• **DATA TO USE**:
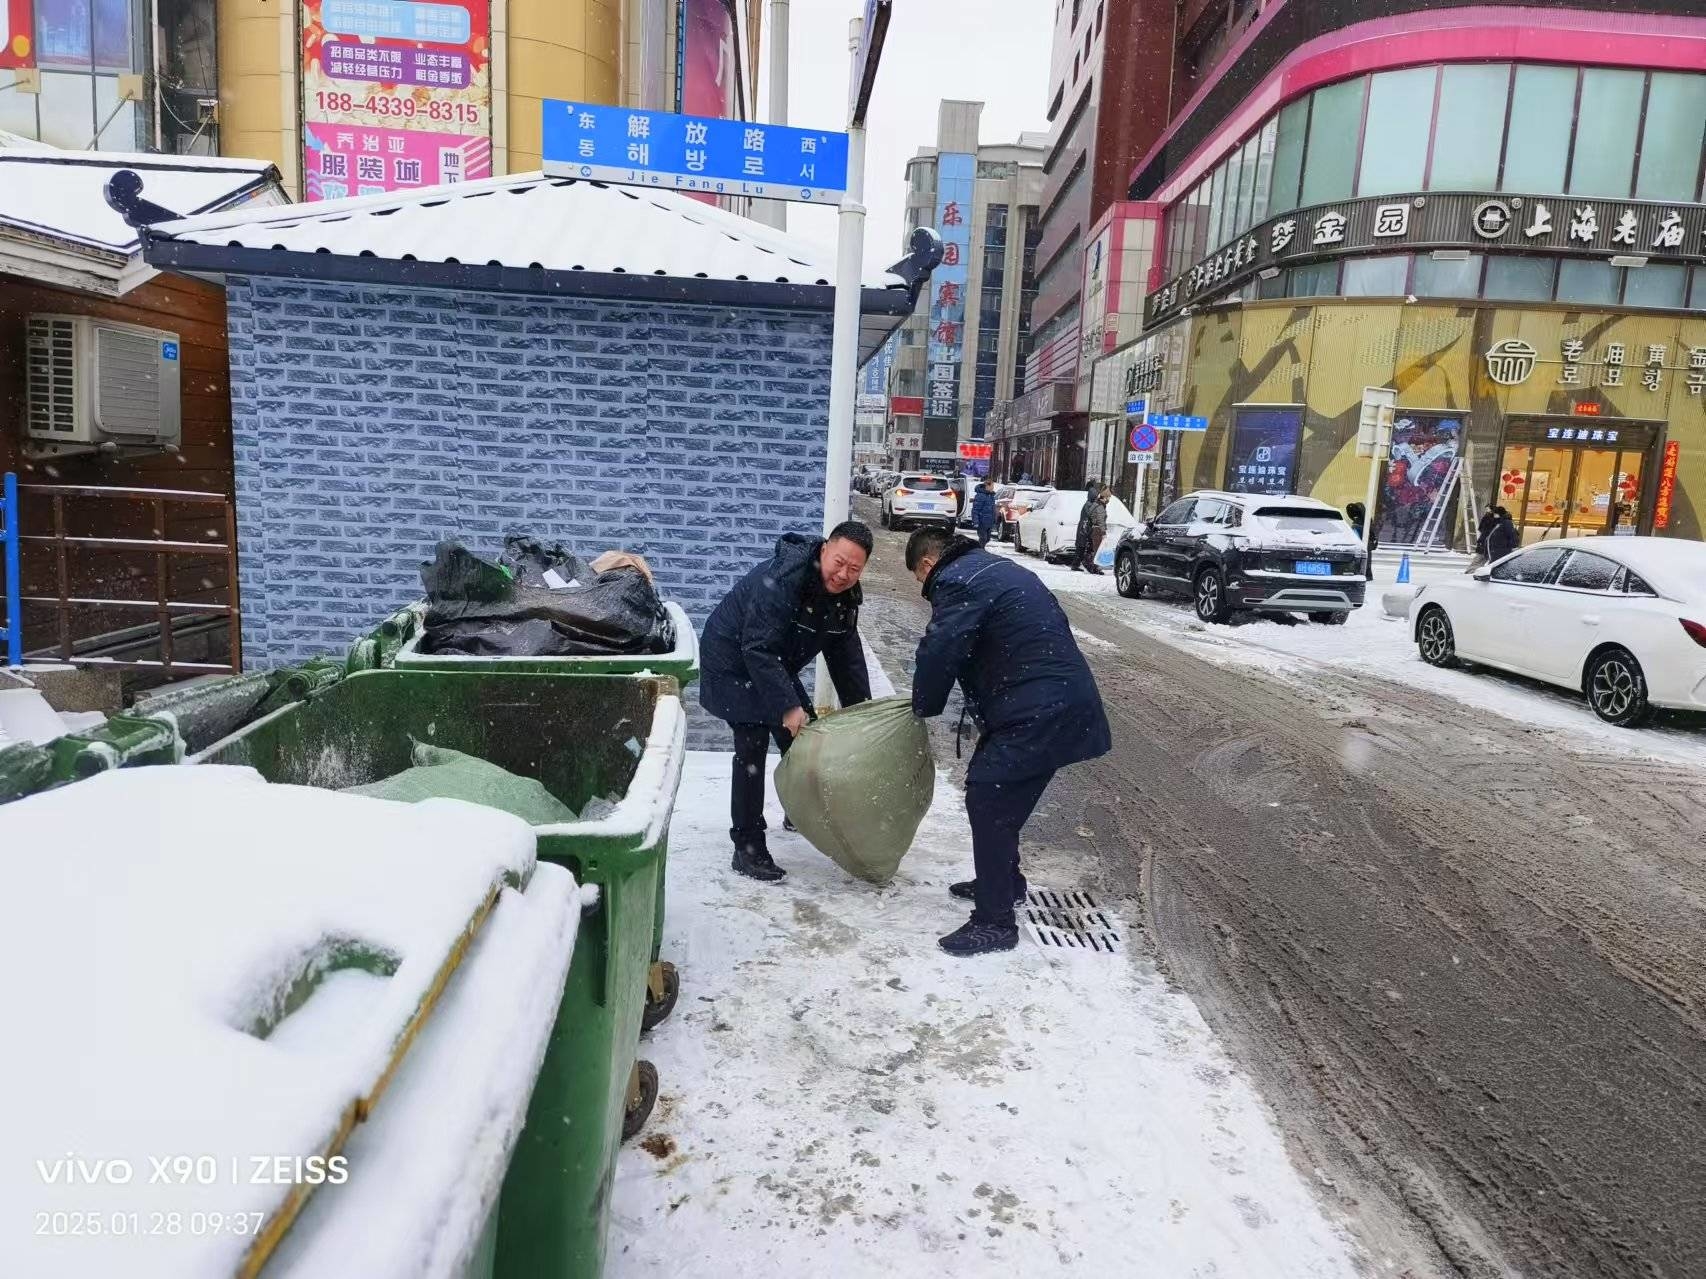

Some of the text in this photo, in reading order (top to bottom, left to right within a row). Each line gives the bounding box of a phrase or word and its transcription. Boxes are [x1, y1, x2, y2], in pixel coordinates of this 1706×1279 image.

[316, 91, 478, 123] 188-4339-8315
[336, 133, 405, 153] 乔治亚
[578, 112, 596, 129] 东
[627, 114, 764, 152] 解放路
[800, 137, 816, 154] 西
[322, 154, 420, 182] 服装城
[578, 139, 815, 181] 동 해방로 서
[627, 172, 764, 195] Jie Fang Lu
[1271, 203, 1411, 252] 梦金园
[1524, 203, 1706, 248] 上海老庙
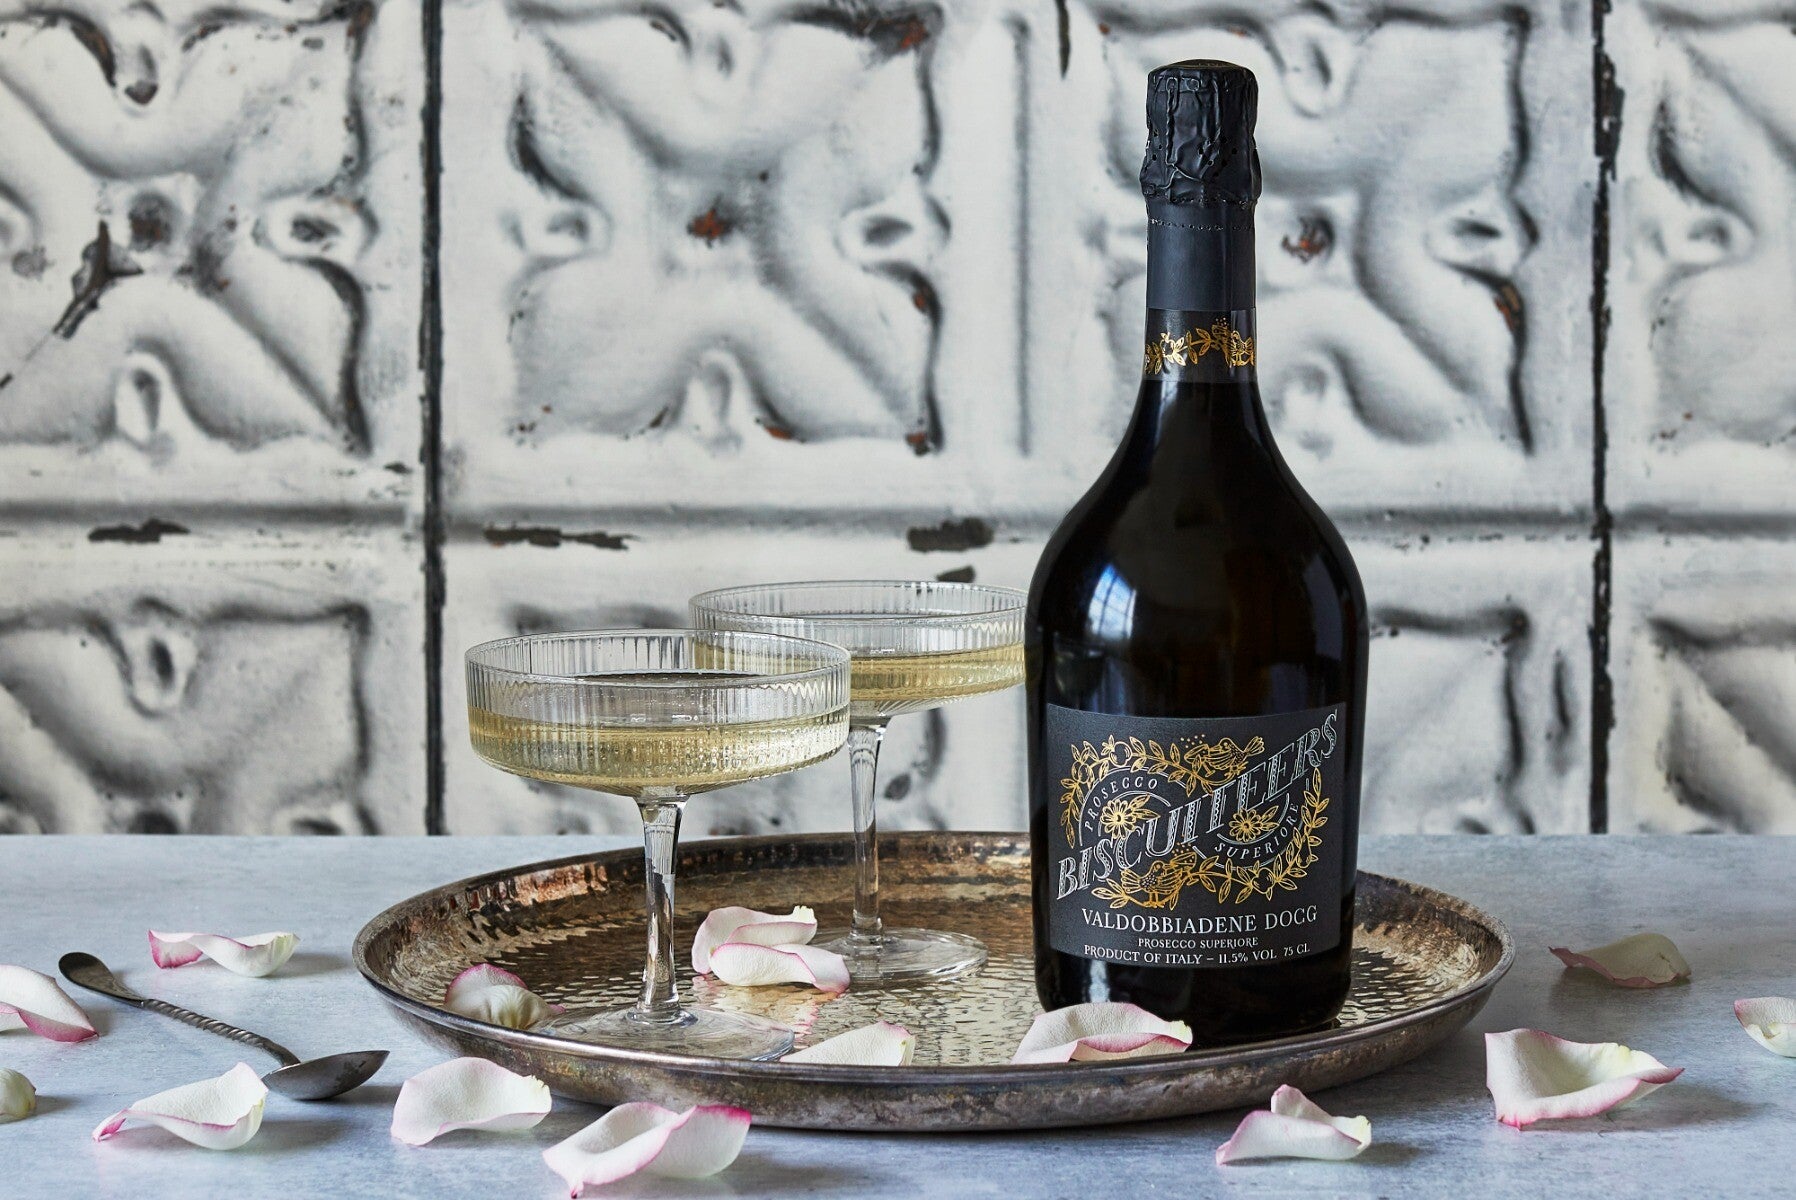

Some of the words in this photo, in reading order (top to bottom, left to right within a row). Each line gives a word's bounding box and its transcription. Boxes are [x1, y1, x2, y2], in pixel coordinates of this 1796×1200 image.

[1056, 709, 1338, 900] BISCUITEERS
[1084, 775, 1159, 832] PROSECCO
[1214, 803, 1299, 860] SUPERIORE
[1082, 908, 1257, 934] VALDOBBIADENE
[1264, 905, 1318, 931] DOCG
[1084, 945, 1141, 962] PRODUCT
[1144, 952, 1162, 963] OF
[1165, 953, 1203, 964] ITALY
[1252, 949, 1277, 962] VOL
[1284, 946, 1294, 957] 75
[1296, 944, 1310, 954] CL
[1138, 937, 1196, 949] PROSECCO
[1199, 937, 1258, 949] SUPERIORE
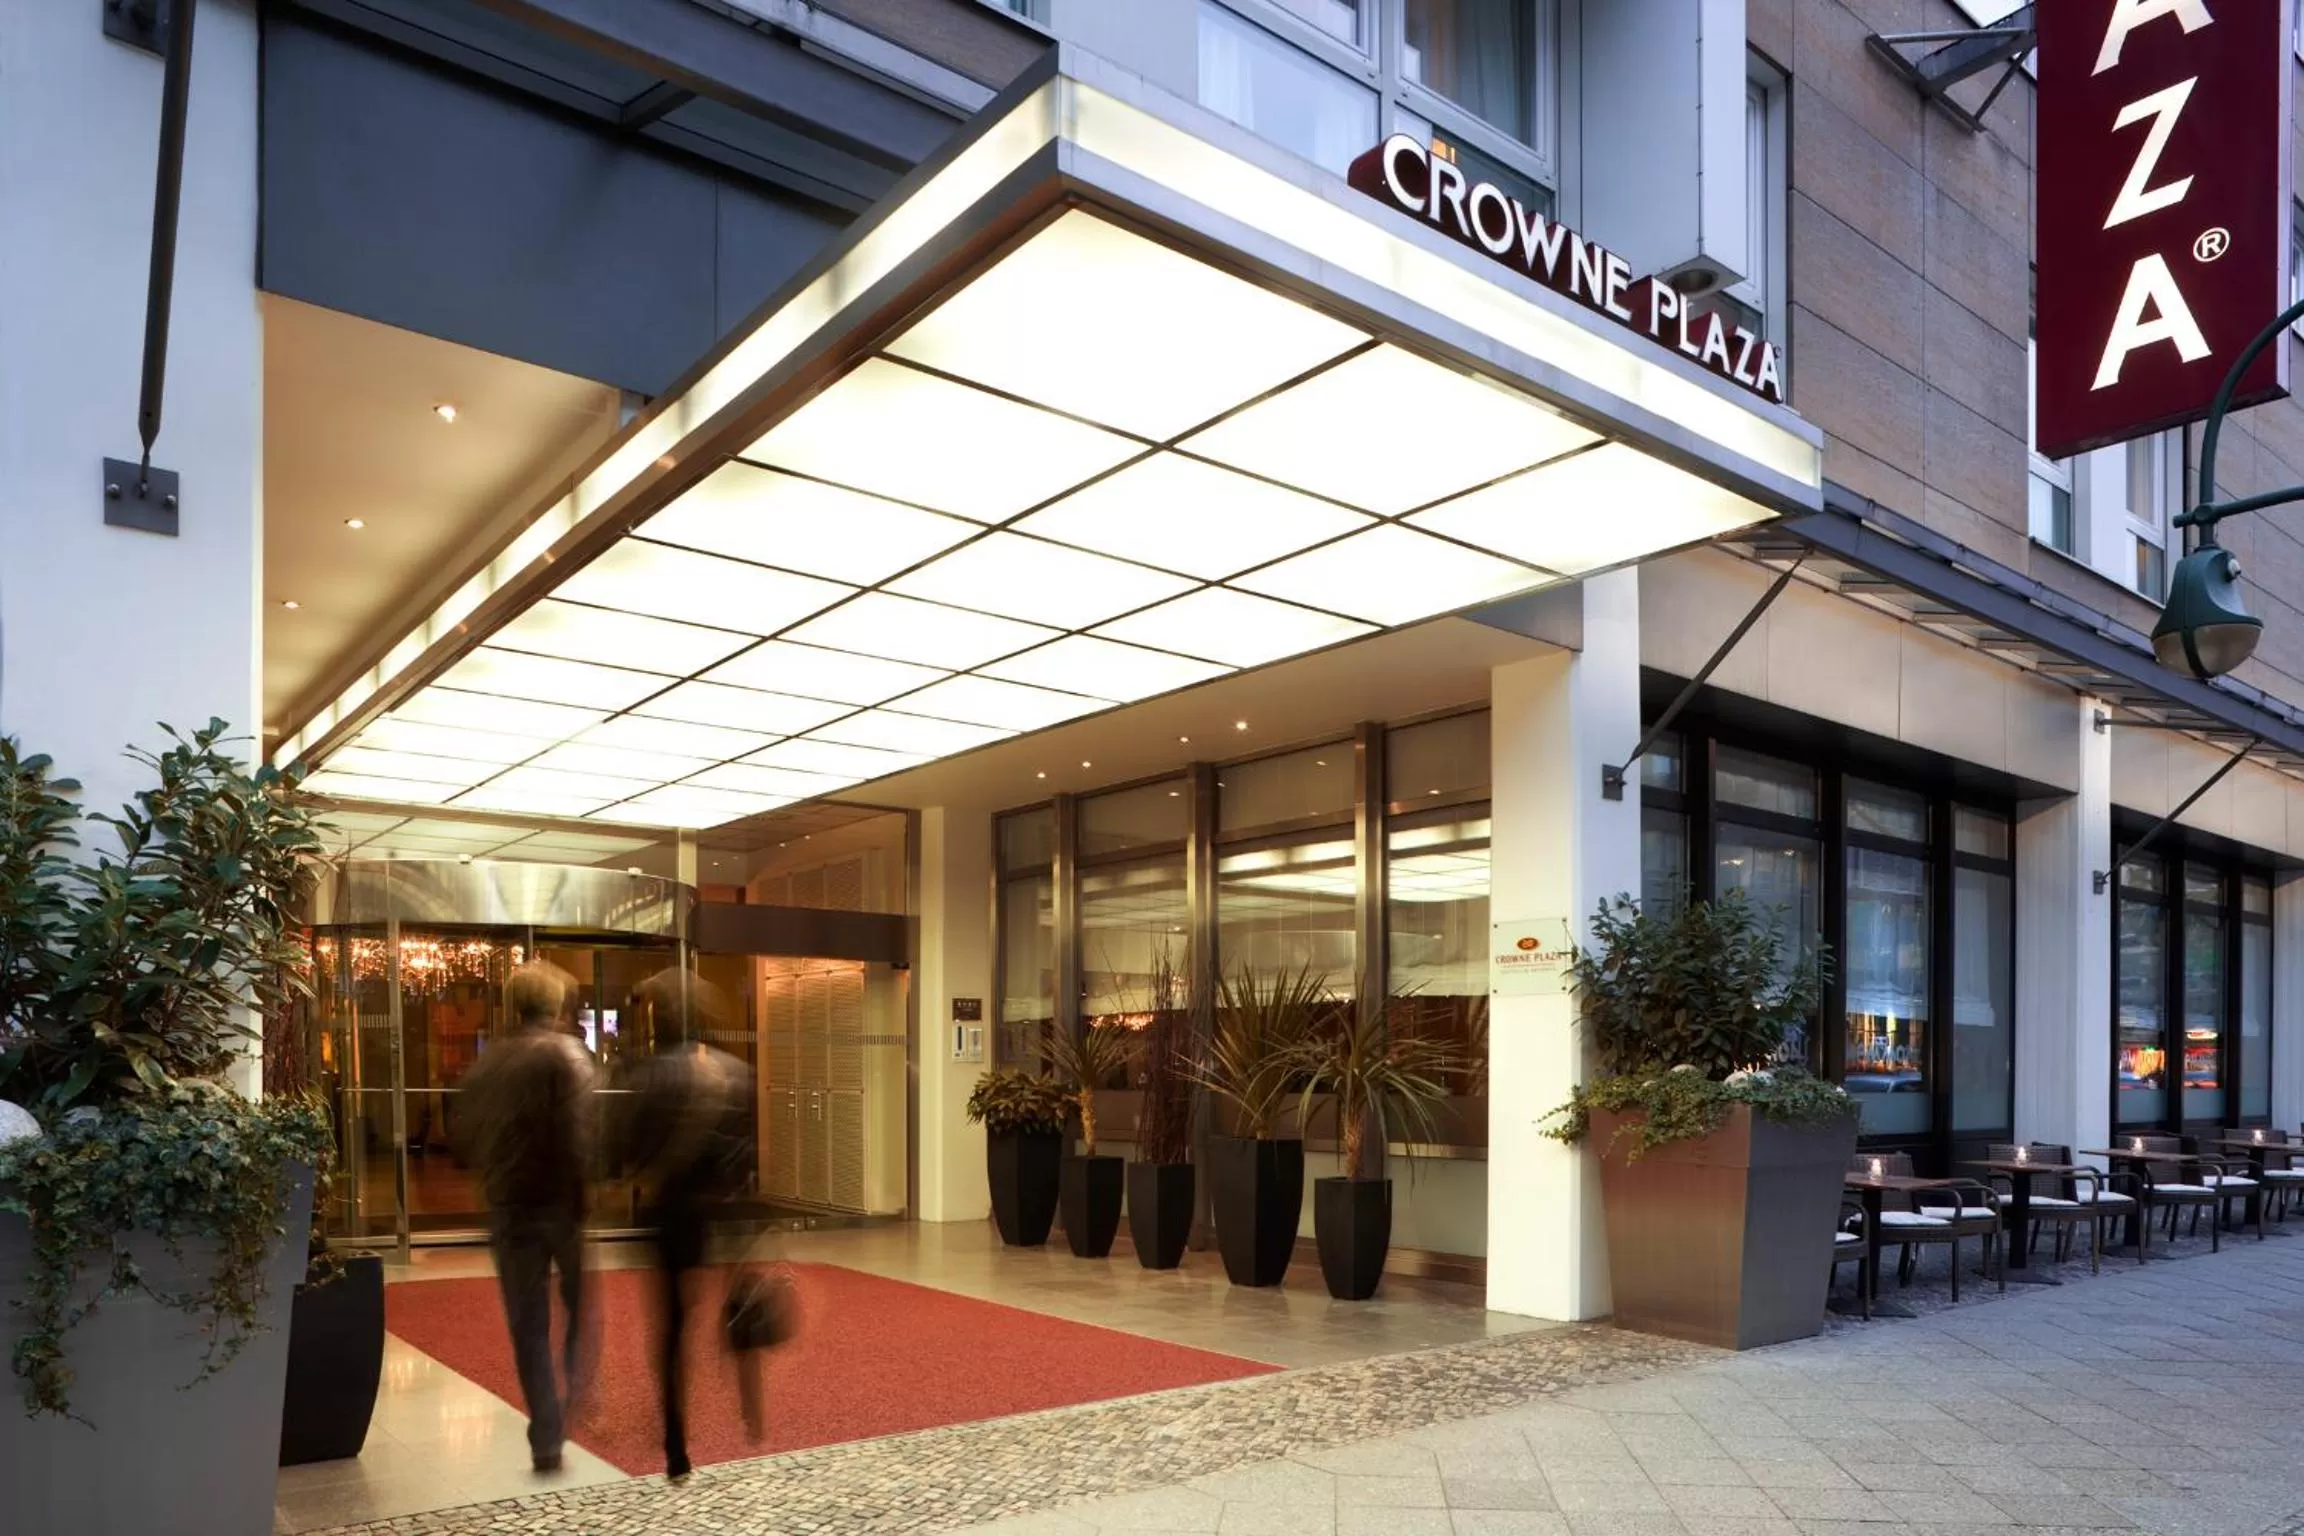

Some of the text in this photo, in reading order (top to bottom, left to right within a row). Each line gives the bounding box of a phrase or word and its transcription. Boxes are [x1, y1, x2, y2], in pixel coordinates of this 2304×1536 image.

[1382, 133, 1782, 401] CROWNE PLAZA
[1495, 951, 1562, 965] CROWNE PLAZA

• **WHAT IS BEING ASKED**: Only the pictures are to be dropped; all other material above must be repeated exactly.

• **RESPONSE AREA**:
Some of the text in this photo, in reading order (top to bottom, left to right within a row). Each line gives the bounding box of a phrase or word and its transcription. Boxes are [x1, y1, x2, y2], in pixel coordinates of this 1706×1279 image.

[316, 91, 478, 123] 188-4339-8315
[336, 133, 405, 153] 乔治亚
[578, 112, 596, 129] 东
[627, 114, 764, 152] 解放路
[800, 137, 816, 154] 西
[322, 154, 420, 182] 服装城
[578, 139, 815, 181] 동 해방로 서
[627, 172, 764, 195] Jie Fang Lu
[1271, 203, 1411, 252] 梦金园
[1524, 203, 1706, 248] 上海老庙

Some of the words in this photo, in reading order (top to bottom, left to right within a row). Each line gives a word's bounding box and its transcription. Boxes are [x1, y1, x2, y2], in pixel coordinates of this 1796×1200 image.

[1056, 709, 1338, 900] BISCUITEERS
[1084, 775, 1159, 832] PROSECCO
[1214, 803, 1299, 860] SUPERIORE
[1082, 908, 1257, 934] VALDOBBIADENE
[1264, 905, 1318, 931] DOCG
[1084, 945, 1141, 962] PRODUCT
[1144, 952, 1162, 963] OF
[1165, 953, 1203, 964] ITALY
[1252, 949, 1277, 962] VOL
[1284, 946, 1294, 957] 75
[1296, 944, 1310, 954] CL
[1138, 937, 1196, 949] PROSECCO
[1199, 937, 1258, 949] SUPERIORE

Some of the text in this photo, in reading order (top to bottom, left to right within a row). Each line gives the bounding box of a phrase or word and its transcription. Boxes are [x1, y1, x2, y2], in pixel coordinates of this 2304×1536 image.

[1382, 133, 1782, 401] CROWNE PLAZA
[1495, 951, 1562, 965] CROWNE PLAZA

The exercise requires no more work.